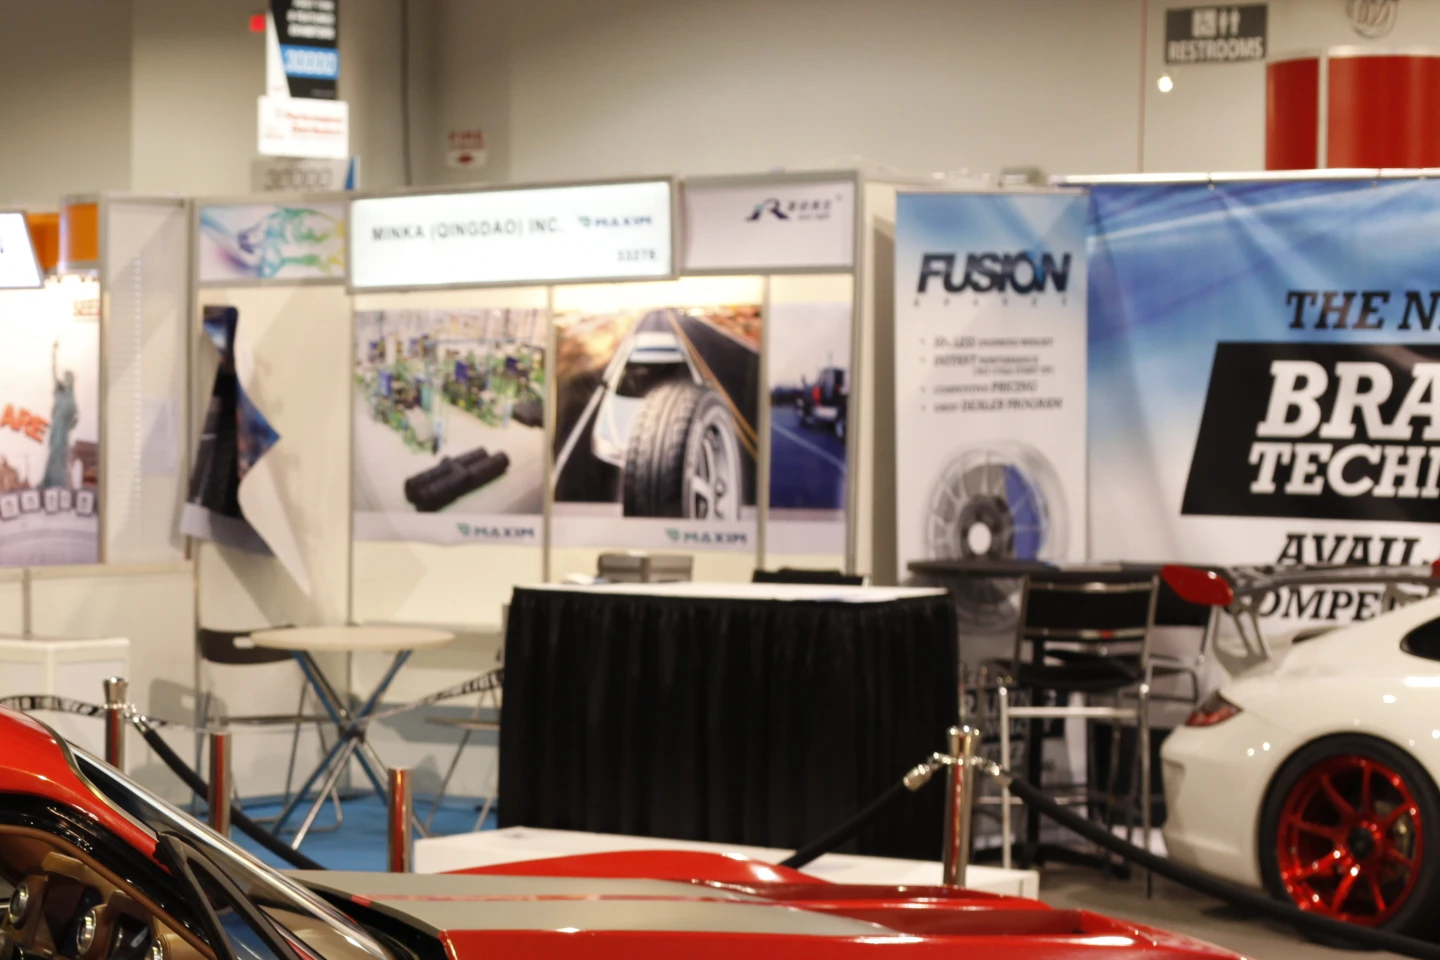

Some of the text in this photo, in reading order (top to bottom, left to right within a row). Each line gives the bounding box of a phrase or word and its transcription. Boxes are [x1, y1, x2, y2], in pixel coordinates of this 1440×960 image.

[1167, 37, 1264, 61] RESTROOMS
[371, 223, 424, 242] MINKA
[429, 217, 523, 243] (QINGDAO)
[917, 251, 1073, 295] FUSION
[1286, 289, 1391, 330] THE
[1256, 360, 1440, 441] BRA
[0, 403, 49, 444] ARE
[1259, 586, 1400, 622] OMPE

============================================================

Set out every record exactly, images excluded.

Some of the text in this photo, in reading order (top to bottom, left to right within a row). Each line gives the bounding box of a phrase or word and its transcription. Boxes are [x1, y1, x2, y2], in pixel coordinates of this 1440×960 image.

[1167, 37, 1264, 61] RESTROOMS
[371, 223, 424, 242] MINKA
[429, 217, 523, 243] (QINGDAO)
[917, 251, 1073, 295] FUSION
[1286, 289, 1391, 330] THE
[1256, 360, 1440, 441] BRA
[0, 403, 49, 444] ARE
[1259, 586, 1400, 622] OMPE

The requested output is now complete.